- [What the task asks]:
Each entry below needs to be retyped exactly as given.

- [Collected data]:

-.-.-

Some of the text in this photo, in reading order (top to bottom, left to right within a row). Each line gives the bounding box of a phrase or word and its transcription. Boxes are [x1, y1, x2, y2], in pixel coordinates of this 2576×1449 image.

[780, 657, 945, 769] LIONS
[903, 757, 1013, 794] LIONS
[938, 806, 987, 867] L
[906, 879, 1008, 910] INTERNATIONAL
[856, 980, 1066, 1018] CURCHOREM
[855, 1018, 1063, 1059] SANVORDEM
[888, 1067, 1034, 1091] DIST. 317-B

-.-.-

- [Reply to the exercise]:
Some of the text in this photo, in reading order (top to bottom, left to right within a row). Each line gives the bounding box of a phrase or word and its transcription. Boxes are [x1, y1, x2, y2], in pixel coordinates of this 2576×1449 image.

[780, 657, 945, 769] LIONS
[903, 757, 1013, 794] LIONS
[938, 806, 987, 867] L
[906, 879, 1008, 910] INTERNATIONAL
[856, 980, 1066, 1018] CURCHOREM
[855, 1018, 1063, 1059] SANVORDEM
[888, 1067, 1034, 1091] DIST. 317-B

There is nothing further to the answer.